_Required work_. Whatever appears in the records, retype it exactly, except for the pictures.

_Information given_.
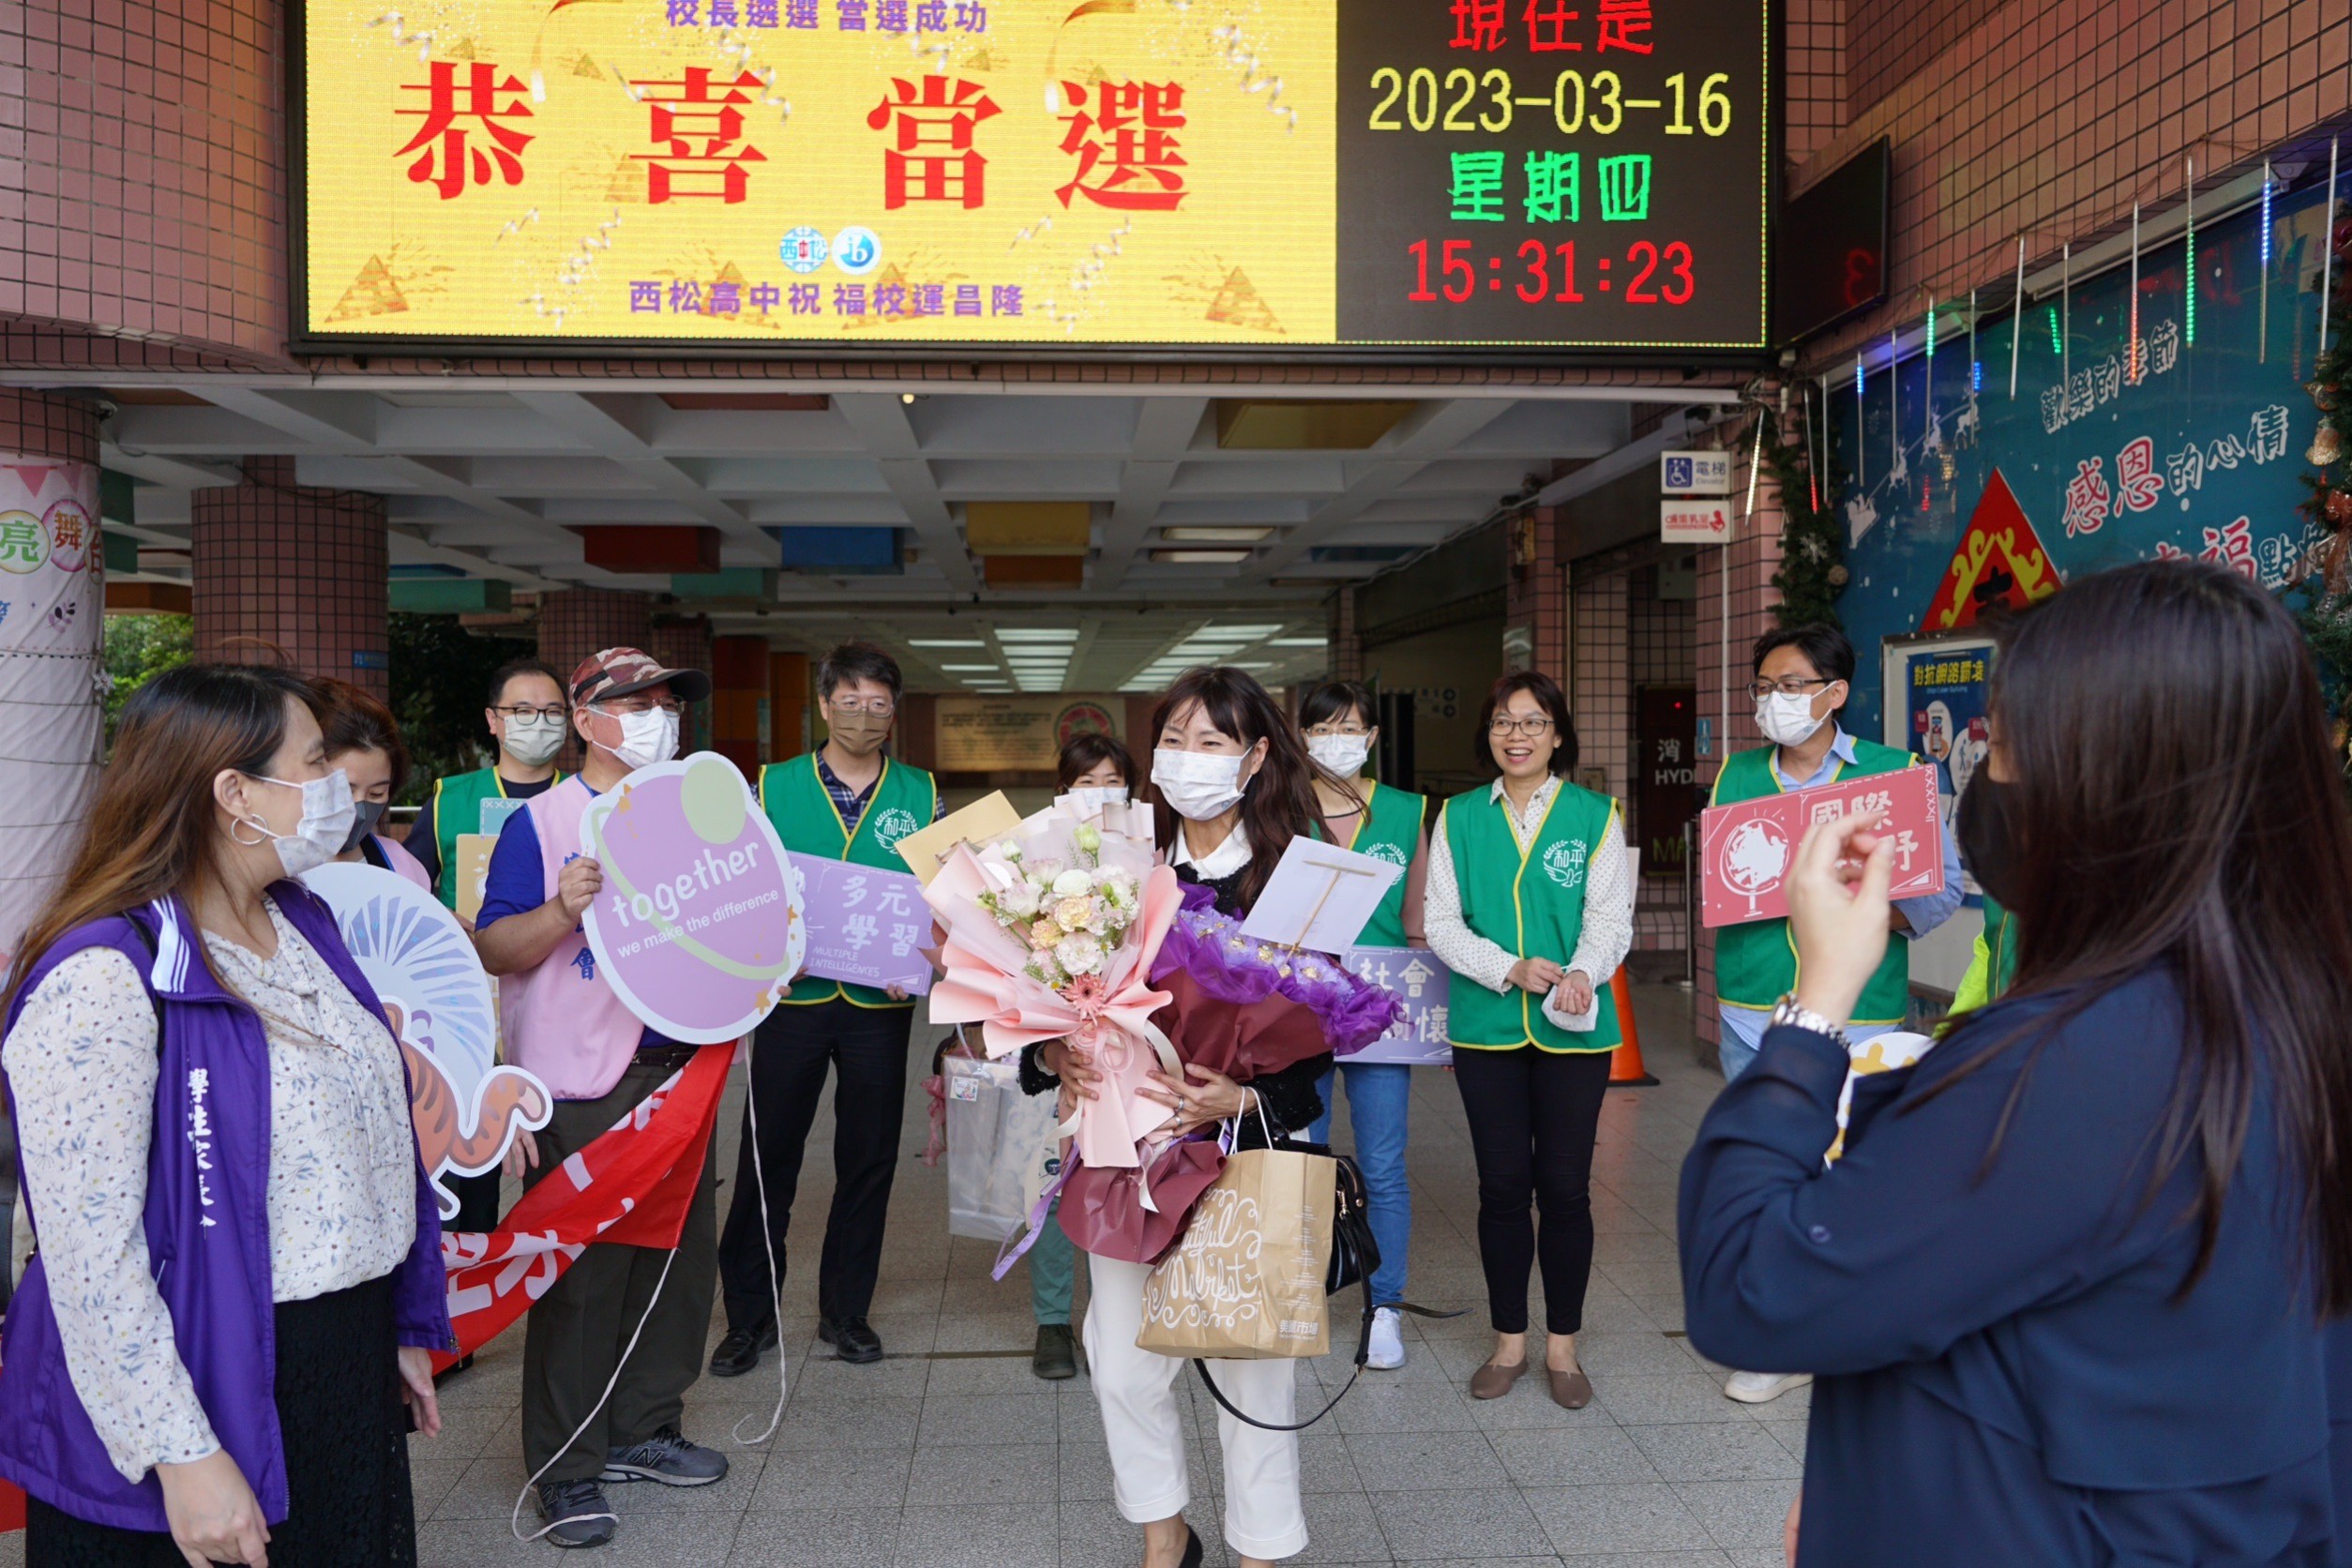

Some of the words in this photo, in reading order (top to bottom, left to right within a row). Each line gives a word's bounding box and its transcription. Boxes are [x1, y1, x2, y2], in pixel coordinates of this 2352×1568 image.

[837, 0, 987, 33] 當選成功
[1448, 0, 1655, 54] 現在是
[1369, 68, 1732, 137] 2023-03-16
[393, 60, 1191, 212] 恭喜當選
[1447, 150, 1652, 223] 星期四
[1408, 238, 1695, 306] 15:31:23
[629, 280, 1025, 317] 西松高中祝福校運昌隆
[2061, 404, 2289, 539] 感恩的心情
[1913, 659, 1984, 686] 對抗網路霸凌
[1553, 849, 1585, 869] 和平
[611, 842, 759, 927] together
[841, 874, 912, 917] 多元
[617, 940, 641, 957] we
[643, 925, 685, 949] make
[686, 914, 711, 932] the
[712, 889, 779, 923] difference
[841, 912, 920, 957] 學習
[810, 958, 881, 977] INTELLIGENCES
[812, 946, 859, 961] MULTIPLE
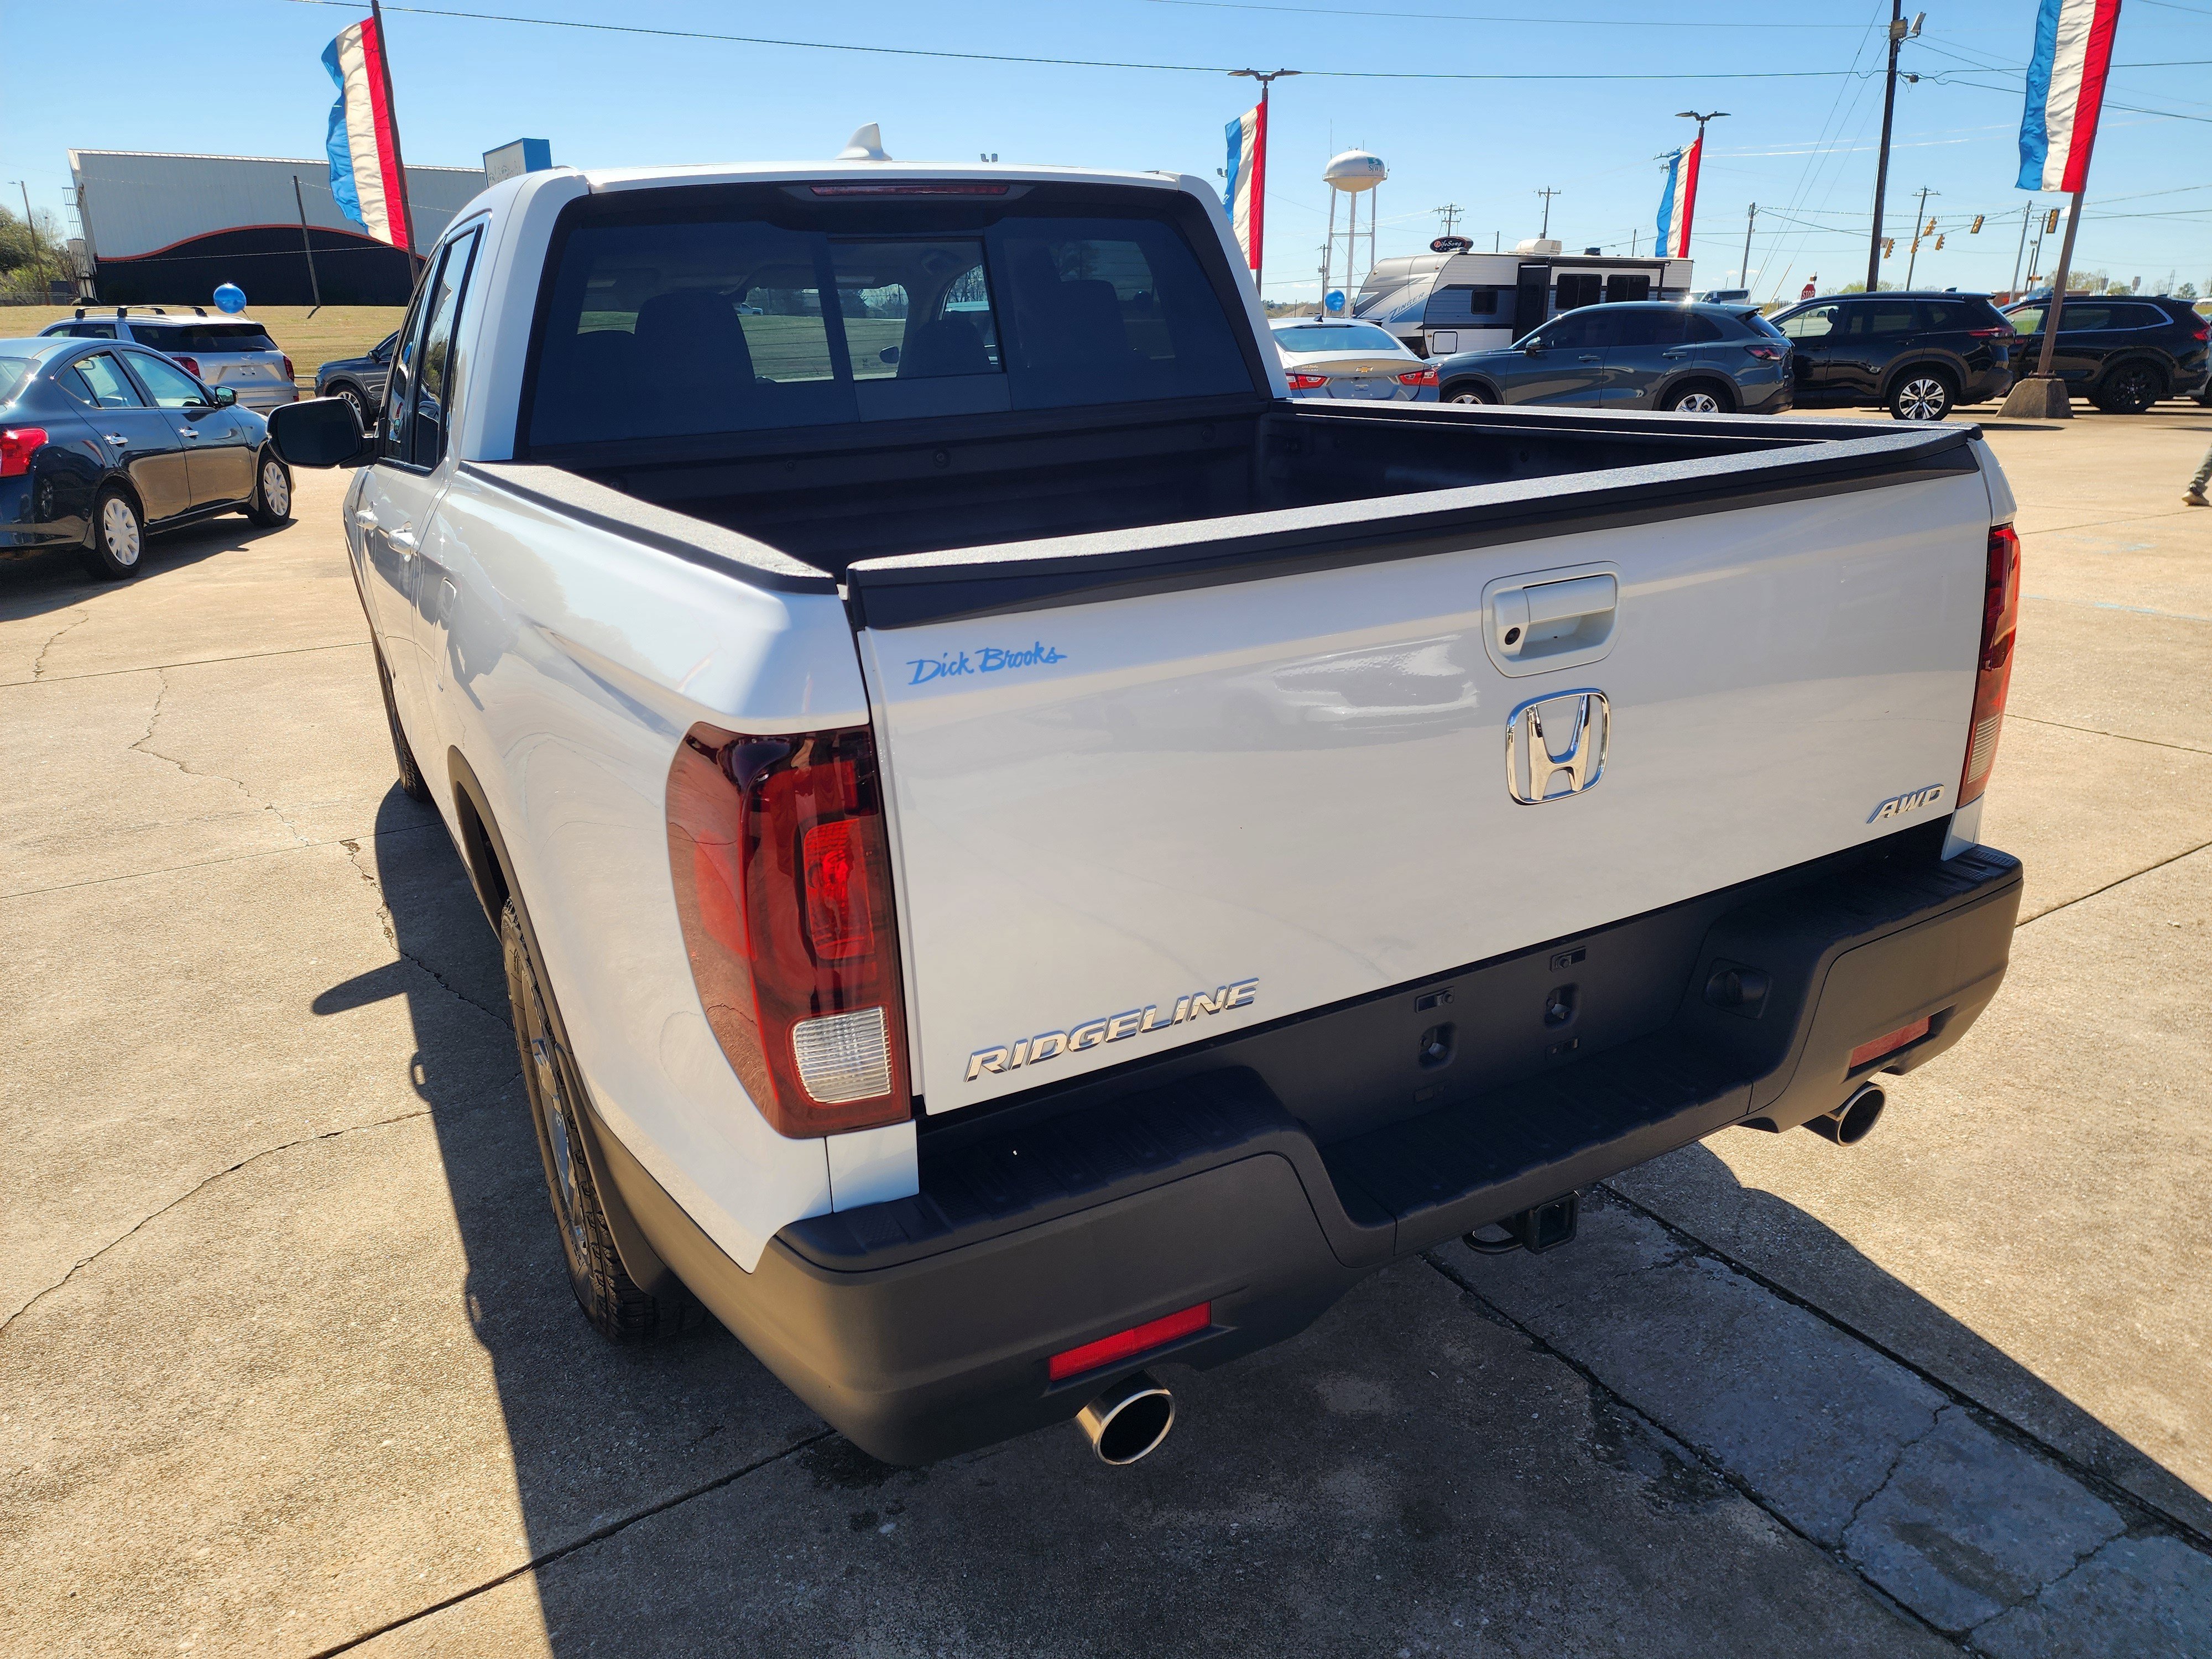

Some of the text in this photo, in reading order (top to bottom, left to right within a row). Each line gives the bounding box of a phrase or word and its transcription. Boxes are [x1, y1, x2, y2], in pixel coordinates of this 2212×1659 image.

_Completed exercise_.
Some of the words in this photo, in reading order (top to bottom, left to right within a row). Each line gives a word's bounding box and its transcription. Boxes are [x1, y1, x2, y2], in pixel coordinates of this 2352×1568 image.

[837, 0, 987, 33] 當選成功
[1448, 0, 1655, 54] 現在是
[1369, 68, 1732, 137] 2023-03-16
[393, 60, 1191, 212] 恭喜當選
[1447, 150, 1652, 223] 星期四
[1408, 238, 1695, 306] 15:31:23
[629, 280, 1025, 317] 西松高中祝福校運昌隆
[2061, 404, 2289, 539] 感恩的心情
[1913, 659, 1984, 686] 對抗網路霸凌
[1553, 849, 1585, 869] 和平
[611, 842, 759, 927] together
[841, 874, 912, 917] 多元
[617, 940, 641, 957] we
[643, 925, 685, 949] make
[686, 914, 711, 932] the
[712, 889, 779, 923] difference
[841, 912, 920, 957] 學習
[810, 958, 881, 977] INTELLIGENCES
[812, 946, 859, 961] MULTIPLE

Some of the text in this photo, in reading order (top to bottom, left to right within a row). Each line gives the bounding box of a phrase or word and its transcription. Boxes are [x1, y1, x2, y2], in pixel coordinates of this 2212×1659 image.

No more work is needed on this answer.